Any final rules made less than 60 days before a president leaves office can be easily undone by his successor, a former EBSA chief says.

Labor Department headquarters in Washington. (Photo: Mike Scarcella/ALM)

The Labor Department’s proposed fiduciary prohibited transaction exemption to align with the Securities and Exchange Commission’s Regulation Best Interest could be “a dead letter” if Labor fails to send its final version to the Office of Management and Budget this week, according to Brad Campbell, partner at Faegre Drinker in Washington.

Labor “is effectively out of time” to send a final version of its fiduciary class exemption to align with Reg BI to OMB and have it reviewed and published by Nov. 20, said Campbell, the former head of Labor’s Employee Benefits Security Administration, on Faegre Drinker’s Inside the Beltway webcast Thursday.

If Trump published a final rule before Nov. 20 — 60 days before the end of his term — the Biden administration “typically would have to use notice and comment rulemaking to suspend or modify that regulation,” which is a time-consuming process, Campbell said.

If Trump puts a rule on the books less than 60 days before leaving office, President Biden could squash it “basically with a stroke of a pen.”

The Trump fiduciary rule remains up in the air.

“We don’t know what policy decisions they’re going to make because they still haven’t finished writing it,” Campbell said, “but if there’s not a second term of the Trump administration, it’s quite likely that the DOL fiduciary rule, as the Trump administration envisions, is a dead letter.”

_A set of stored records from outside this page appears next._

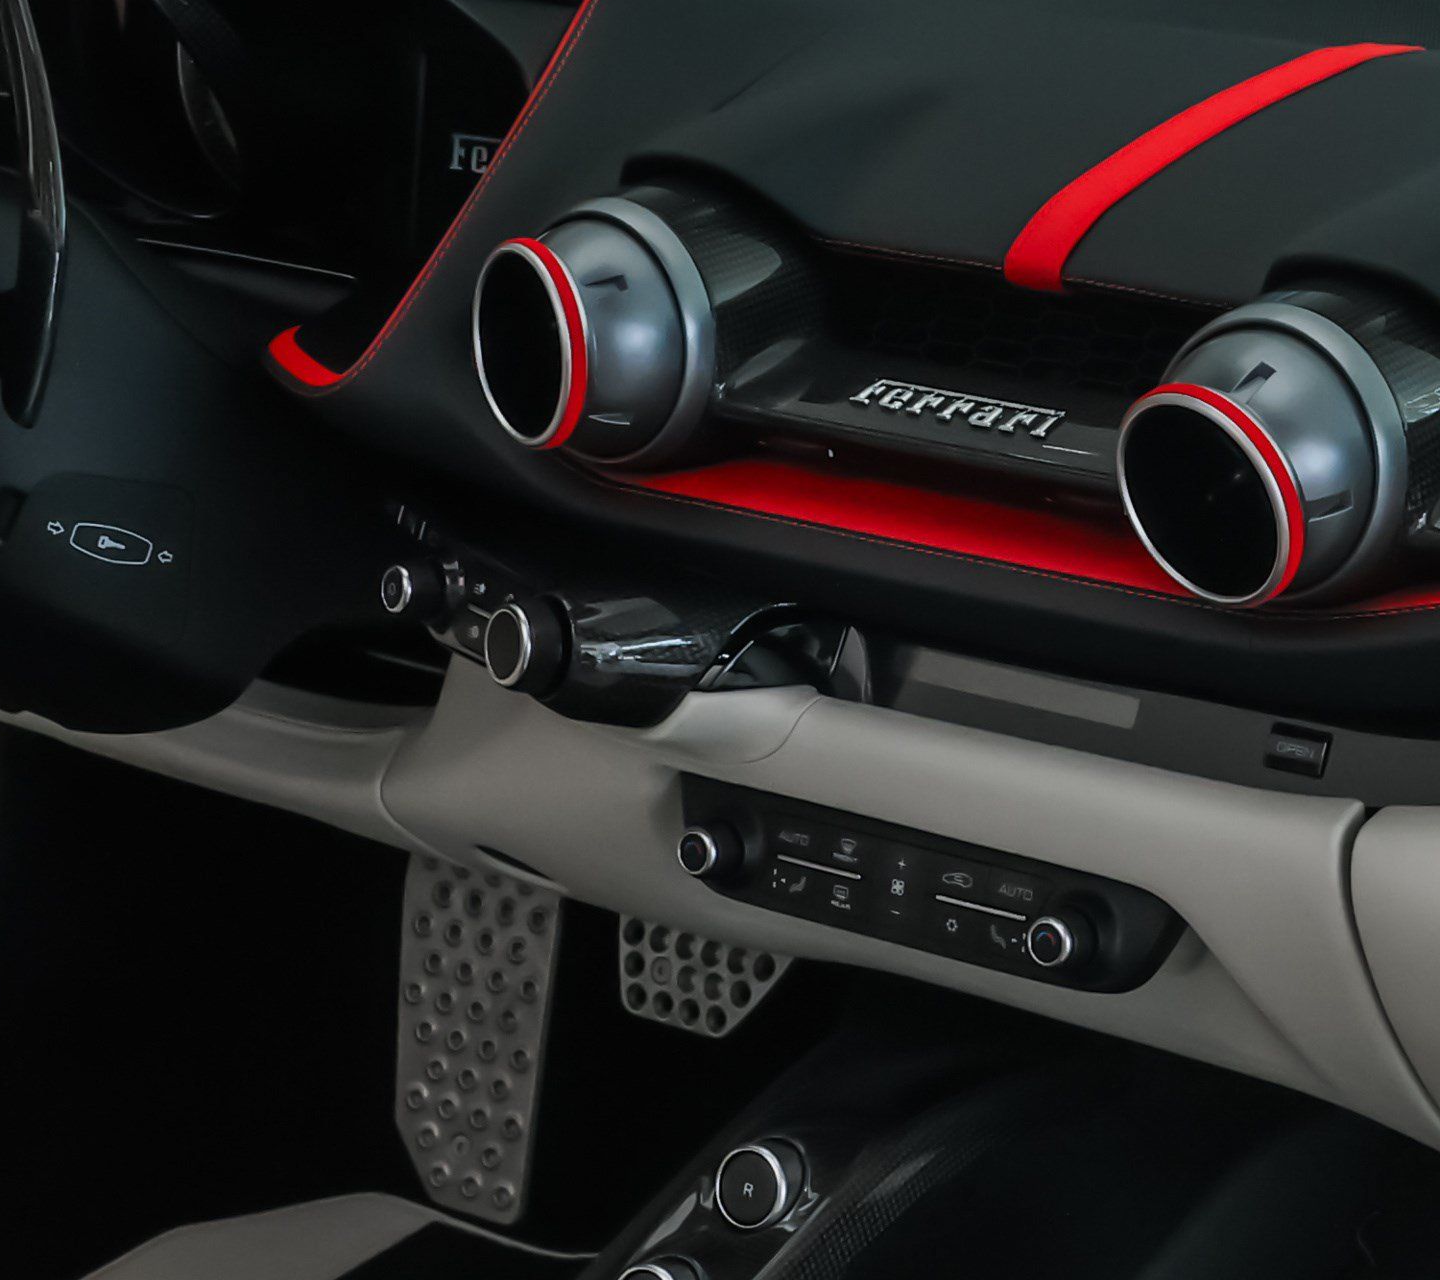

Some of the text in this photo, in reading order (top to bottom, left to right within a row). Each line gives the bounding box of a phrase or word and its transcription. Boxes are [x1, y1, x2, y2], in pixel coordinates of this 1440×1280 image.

[849, 378, 1066, 438] Ferrari
[998, 883, 1033, 901] AUTO
[742, 1181, 754, 1198] R
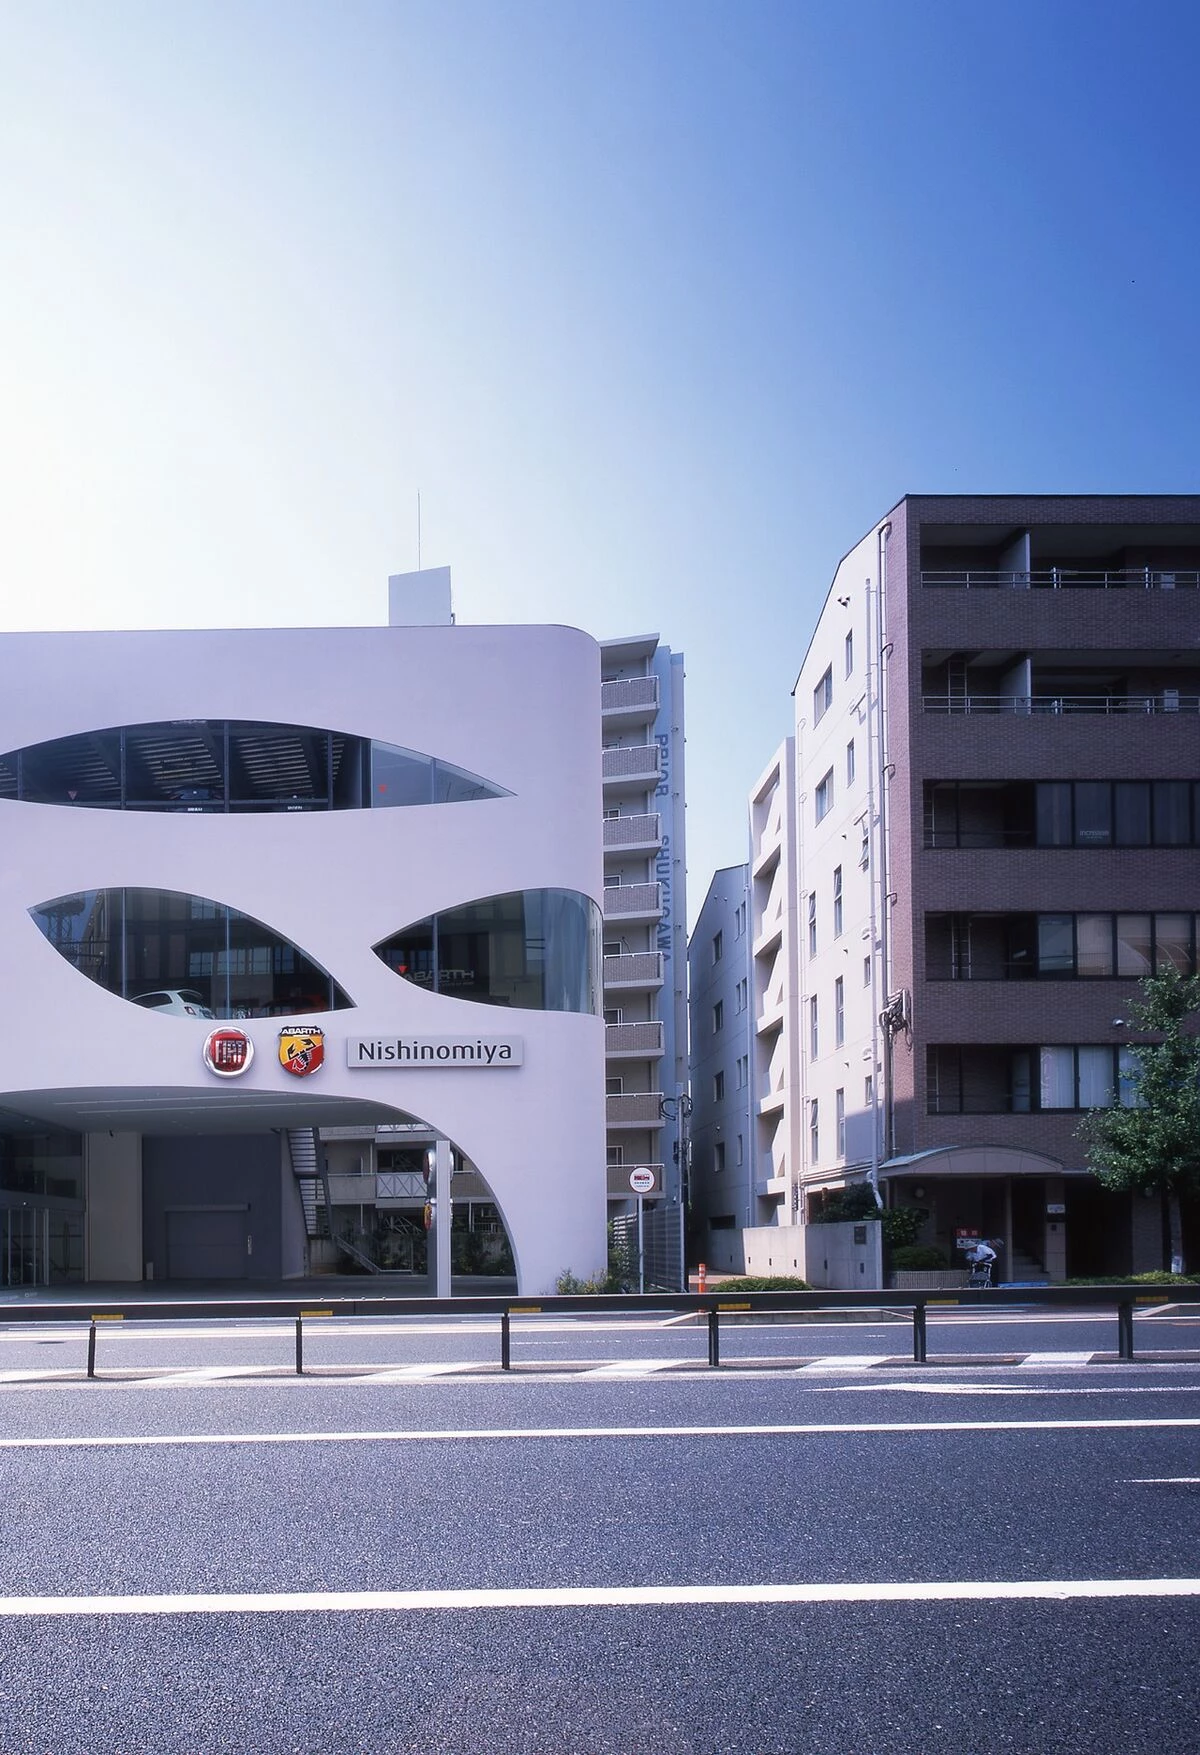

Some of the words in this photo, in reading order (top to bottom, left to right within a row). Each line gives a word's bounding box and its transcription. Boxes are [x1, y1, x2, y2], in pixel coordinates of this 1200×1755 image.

[281, 1027, 321, 1035] ABARTH
[215, 1040, 245, 1063] FIAT
[358, 1040, 512, 1064] Nishinomiya
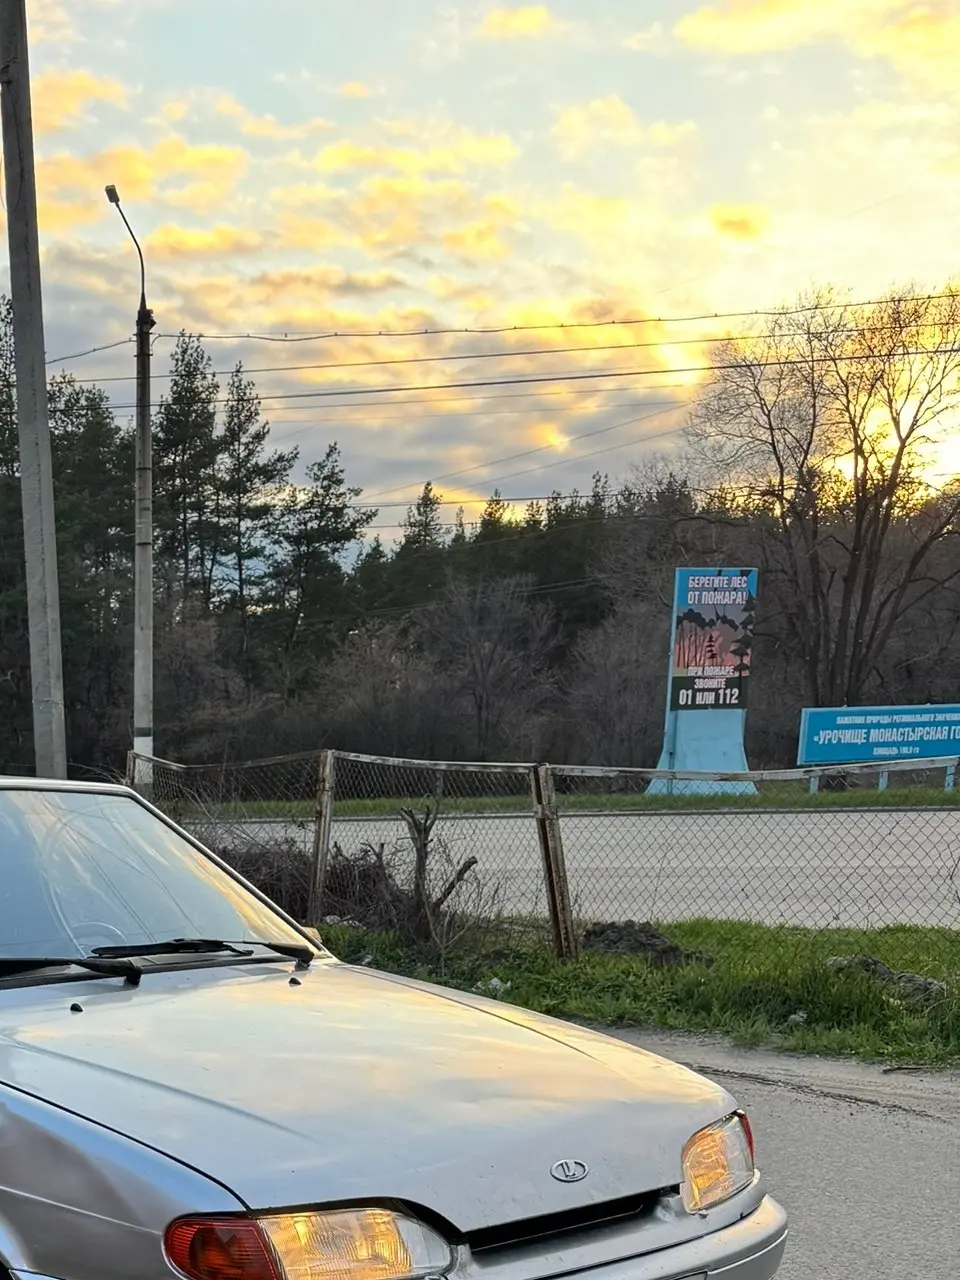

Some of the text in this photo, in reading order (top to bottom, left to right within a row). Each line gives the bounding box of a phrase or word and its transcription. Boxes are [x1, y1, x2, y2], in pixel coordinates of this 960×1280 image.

[688, 576, 748, 588] БЕРЕГИТЕ ЛЕС
[687, 591, 747, 604] ОТ ПОЖАРА!
[687, 665, 735, 676] ПРИ ПОЖАРЕ
[694, 678, 726, 689] ЗВОНИТЕ
[679, 689, 693, 705] 01
[718, 688, 739, 704] 112
[813, 729, 867, 744] «УРОЧИЩЕ
[869, 726, 948, 742] МОНАСТЫРСКАЯ

As it stands now, Labor “seems to be further behind in finalizing that [fiduciary] rule,” as opposed to its controversial rule on environmental, social and governance focused investments in 401(k) plans, which became final last week.

That doesn’t mean the fiduciary issue is dead. “In fact, if there’s a Biden administration, we think it’s very likely that they will pursue, again, a fiduciary regulation which likely would be a combination of actually changing the 1975 regulation in material ways — bearing in mind the objections of the 5th Circuit [Court of Appeals], which struck down the Obama-era” fiduciary rule.

The fiduciary rule is “very much a live issue, no matter who wins,” Campbell said.